Et si la plus grande victoire n’était pas de remporter une médaille, mais d’oser tout recommencer quand le monde pense que vous avez déjà tout accompli ? À 29 ans, Bebe Vio incarne cette audace rare. Après avoir dominé l’escrime en fauteuil pendant plus d’une décennie, collectionné les titres mondiaux et paralympiques, elle a posé son fleuret. Définitivement.
Ce n’était pas une retraite douce, ni une fatigue passagère. C’était une nécessité vitale. Son corps, déjà amputé des quatre membres depuis l’âge de 11 ans à cause d’une méningite foudroyante, hurlait stop. Le cou, le dos, les coudes, la tête… tout lâchait sous la violence répétée du geste d’escrimeur. Alors elle a écouté. Et elle a choisi de courir.

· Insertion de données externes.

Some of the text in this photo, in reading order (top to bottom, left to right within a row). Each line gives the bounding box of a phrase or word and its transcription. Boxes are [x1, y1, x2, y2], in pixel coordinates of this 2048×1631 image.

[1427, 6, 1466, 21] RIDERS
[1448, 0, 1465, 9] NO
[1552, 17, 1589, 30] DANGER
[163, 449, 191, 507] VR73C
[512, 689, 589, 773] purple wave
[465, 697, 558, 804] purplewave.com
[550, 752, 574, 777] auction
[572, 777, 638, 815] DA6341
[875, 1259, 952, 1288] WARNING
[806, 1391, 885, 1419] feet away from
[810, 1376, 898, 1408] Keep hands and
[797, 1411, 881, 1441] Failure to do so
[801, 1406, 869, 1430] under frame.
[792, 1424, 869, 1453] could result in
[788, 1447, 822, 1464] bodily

Une légende de l’escrime qui tourne la page
Bebe Vio n’est pas une athlète comme les autres. Elle est la référence mondiale de l’escrime paralympique en catégorie A, unique au monde à pratiquer ce sport sans aucun membre. Son palmarès impressionne : six médailles paralympiques sur trois éditions, dont deux titres olympiques en fleuret individuel et par équipes. Partout où elle passait, elle inspirait. Enfants en fauteuil, valides, entraîneurs, journalistes… tout le monde parlait d’elle avec une forme d’admiration mêlée d’incrédulité.
Mais derrière les sourires photogéniques et les interviews pleines d’énergie, la réalité était plus sombre. Chaque assaut, chaque entraînement intensif, chaque parade poussée à bout laissait des traces irréversibles. Elle le savait. Elle l’a dit sans filtre après les Jeux de Paris : « J’ai vécu ces Jeux avec la peur. Pas de perdre, mais de rester paralysée. »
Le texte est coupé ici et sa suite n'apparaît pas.